Warning: do not attempt to read this post if you are excessively tired, sleepy, busy, impatient, or intoxicated.

Human longing! We cannot cease desiring, and this is our glory, and our doom. Desire! It carries us and crucifies us, delivers us every new day to a battlefield where, on the eve, the battle was lost; but in sunlight, does it not look like a territory ripe for conquest, a place where - even though tomorrow we will die - we can build empires doomed to fade to dust, as if the knowledge we have of their imminent fall had absolutely no effect on our eagerness to build them now? We are filled with the energy of constantly wanting that which we cannot have, we are abandoned at dawn on a field littered with corpses, we are transported until our death by projects that are no sooner completed than they must be renewed. Yet how exhausting it is to be constantly desiring...


This is from a book called The Elegance of the Hedgehog by Muriel Barbery, and I will probably be mentioning it a lot in the near future. Besides being hands-down the best book I've ever read, there are so many thoughts and ideas to take away from it. It continues to teach long after the last page was turned. I thought this was the perfect passage to start things off as it introduces the very reason I choose art - and I mean all kinds of art - as my career choice and lifelong path.
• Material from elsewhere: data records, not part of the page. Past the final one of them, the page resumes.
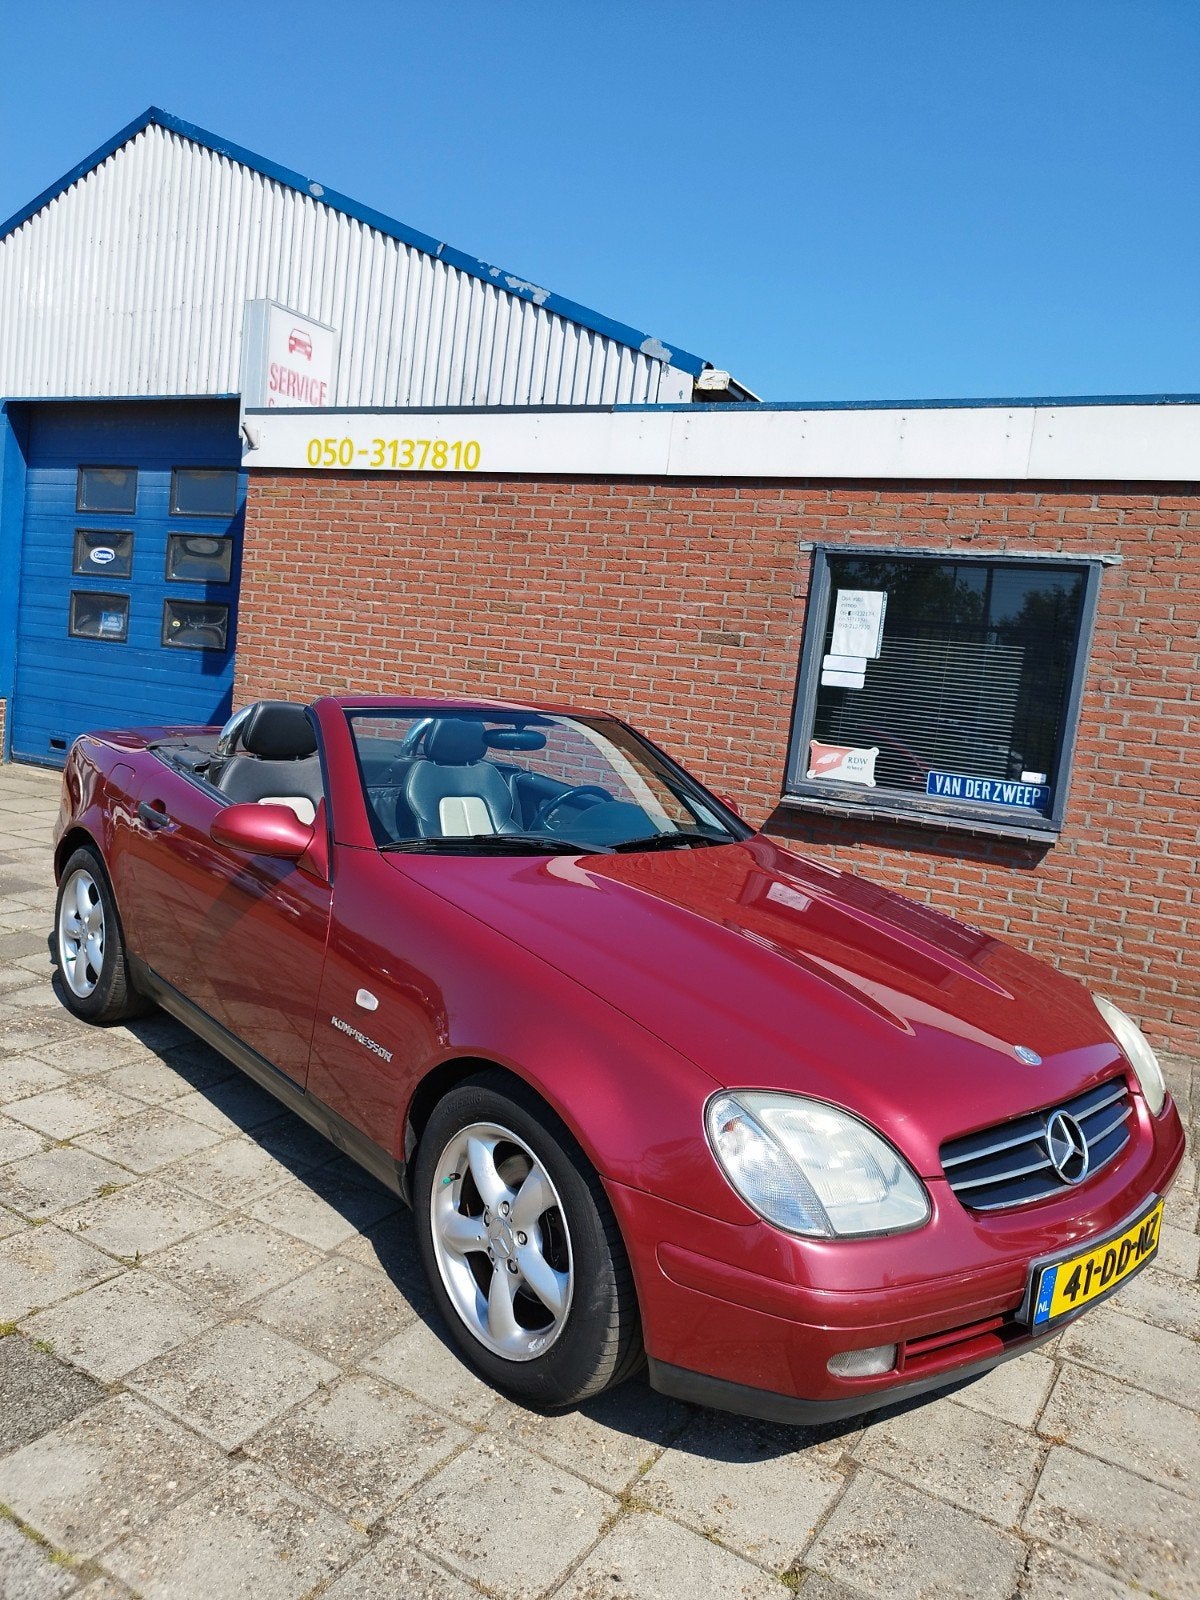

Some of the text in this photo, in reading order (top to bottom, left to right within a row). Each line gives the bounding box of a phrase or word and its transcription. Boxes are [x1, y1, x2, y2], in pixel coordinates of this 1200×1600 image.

[269, 363, 327, 407] SERVICE
[306, 438, 481, 470] 050-3137810
[847, 757, 868, 765] RDW
[935, 775, 1041, 806] VAN DER ZWEEP
[331, 1016, 393, 1062] KOMPRESSOR
[1063, 1212, 1160, 1302] 41-DD-NZ
[1038, 1302, 1050, 1314] NL
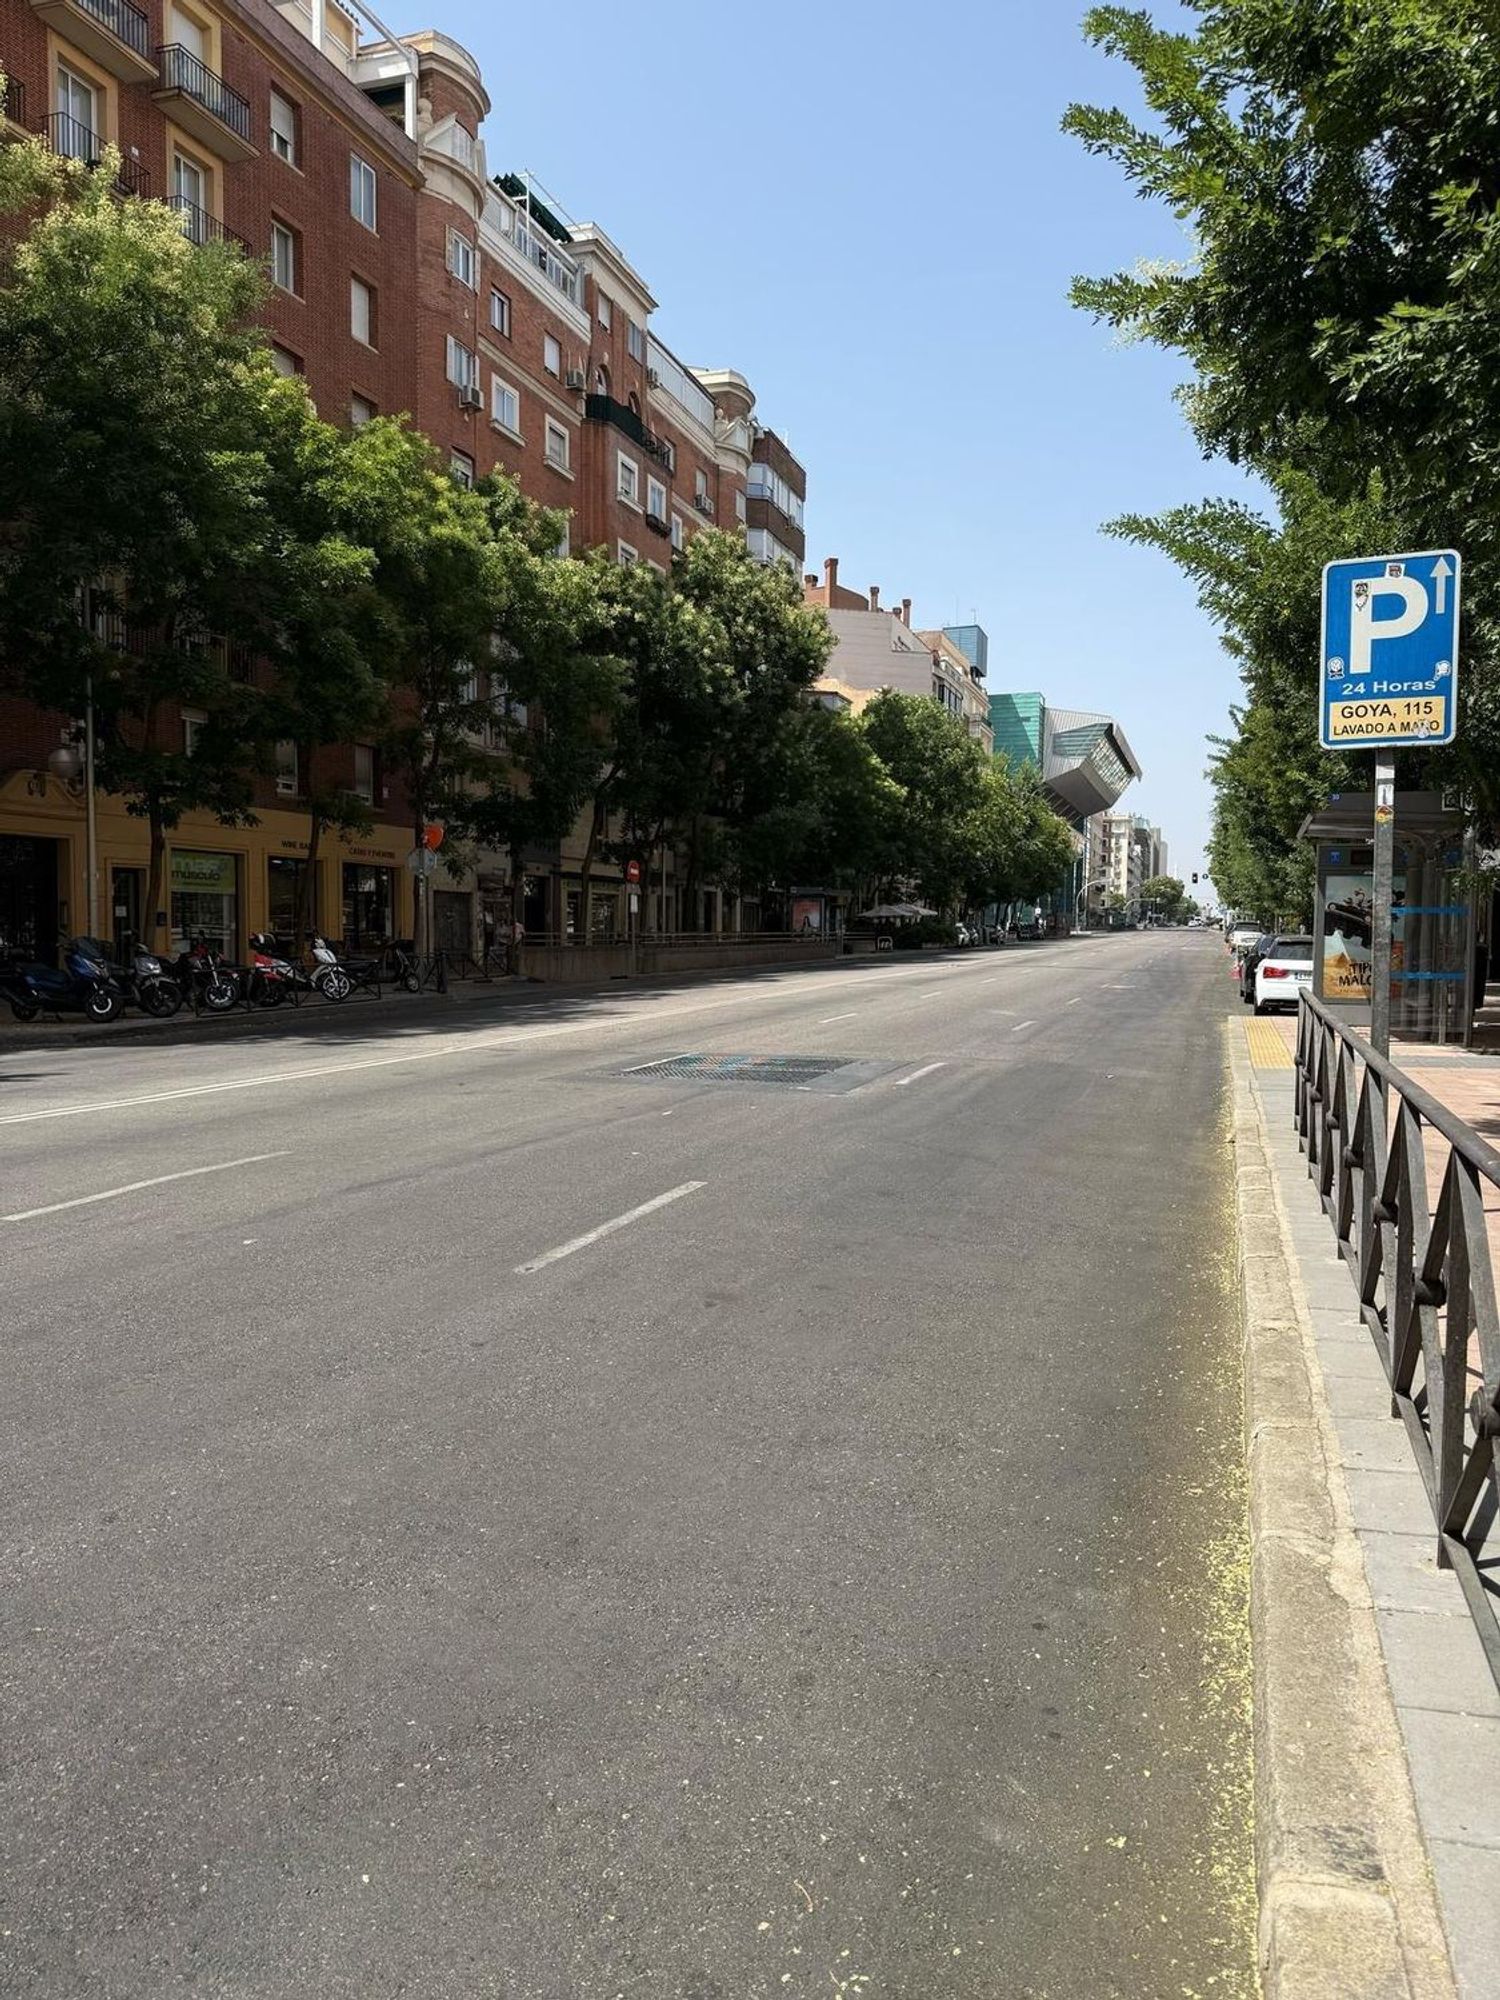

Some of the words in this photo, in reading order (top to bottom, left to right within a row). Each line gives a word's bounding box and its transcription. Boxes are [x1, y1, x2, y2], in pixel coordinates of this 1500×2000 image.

I'm going into a political science major, but all for the sake of reporting on it using words that can influence, sentences that are crafted in a way that hits all the right buttons. That's art. Why is it that we are happy to read something really good, and we marvel at the writer's talent for so effortlessly lightening our mood?

...We soon aspire to pleasure without the quest, to a blissful state without beginning or end, where beauty would no longer be an aim or a project but the very proof of our nature. And that state is art. When we gaze at a still life, when - even though we did not pursue it - we delight in its beauty, a beauty borne away by the magnified and immobile figuration of things, we find pleasure in the fact that there was no need for longing, we may contemplate something we need not want, may cherish something we need not desire. In this scene before our eyes - silent, without life or motion - a time exempt of projects is incarnated, perfection purloined from duration and its weary greed - pleasure without desire, existence without duration, beauty without will.

For art is emotion without desire.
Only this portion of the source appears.